The lives of trailblazing English proto-feminist Mary Wollstonecraft and her daughter, Frankenstein author Mary Shelley, overlapped by only eleven days, as Wollstonecraft tragically died from postpartum infection in 1797. In her second novel, Silva (Mr. Dickens and His Carol, 2019) probes the perspective of another literary icon, imagining the older Mary, weakened from childbirth, telling her life story to her baby at her midwife’s suggestion.
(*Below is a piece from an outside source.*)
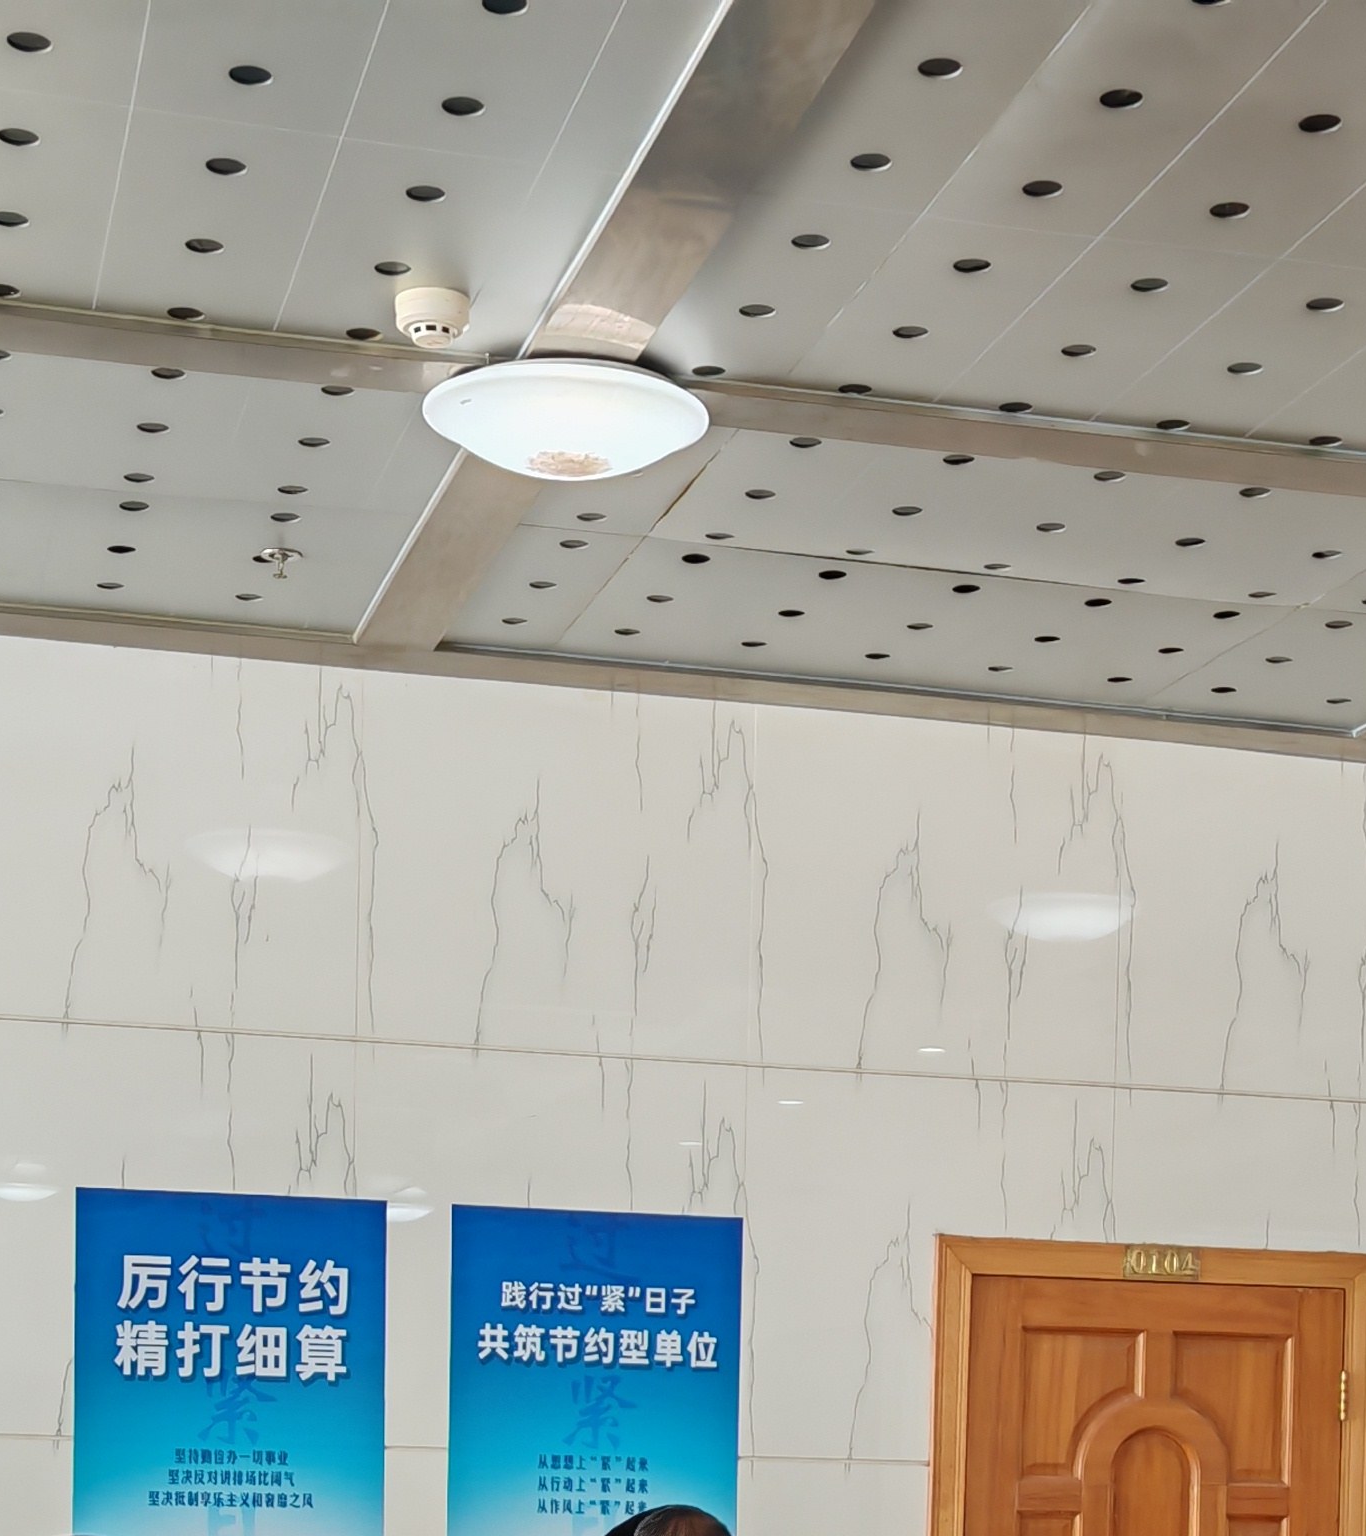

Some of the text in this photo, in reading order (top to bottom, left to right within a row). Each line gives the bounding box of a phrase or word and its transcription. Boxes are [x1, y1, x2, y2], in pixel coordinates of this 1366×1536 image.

[117, 1253, 350, 1315] 厉行节约
[501, 1279, 697, 1316] 践行过“紧”日子
[115, 1320, 349, 1381] 精打细算
[477, 1322, 719, 1370] 共筑节约型单位
Mary’s passionate declaration of selfhood carries readers on a wide-ranging, deep journey where she eloquently voices the circumstances shaping her views, her strong attachments to other independent thinkers, like Fanny Blood, and her struggles to escape societal constraints. Raised in a large family where her father abused her mother, she grows infuriated by gender inequality and aims to enlighten women who participate in their own diminution.
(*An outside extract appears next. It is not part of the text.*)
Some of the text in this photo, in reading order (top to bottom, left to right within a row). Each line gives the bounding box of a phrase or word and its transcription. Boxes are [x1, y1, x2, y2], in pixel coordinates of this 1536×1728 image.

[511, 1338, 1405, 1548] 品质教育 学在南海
Related with superb detail on late-eighteenth-century locales and intellectual pursuits, Mary’s experiences leave her initially doubting the possibility of equal marriage between men and women. This absorbing tale of courage, sorrow, and the dance between independence and intimacy delivers a sense of triumphant catharsis.
Love and Fury was published by Flatiron in May, and I'd turned in this review for Booklist (the final version was published in their historical fiction issue on May 15th). Allison & Busby will publish the novel in the UK in mid-June. Terrific book, with a beautiful cover. You can read an excerpt at the author's website.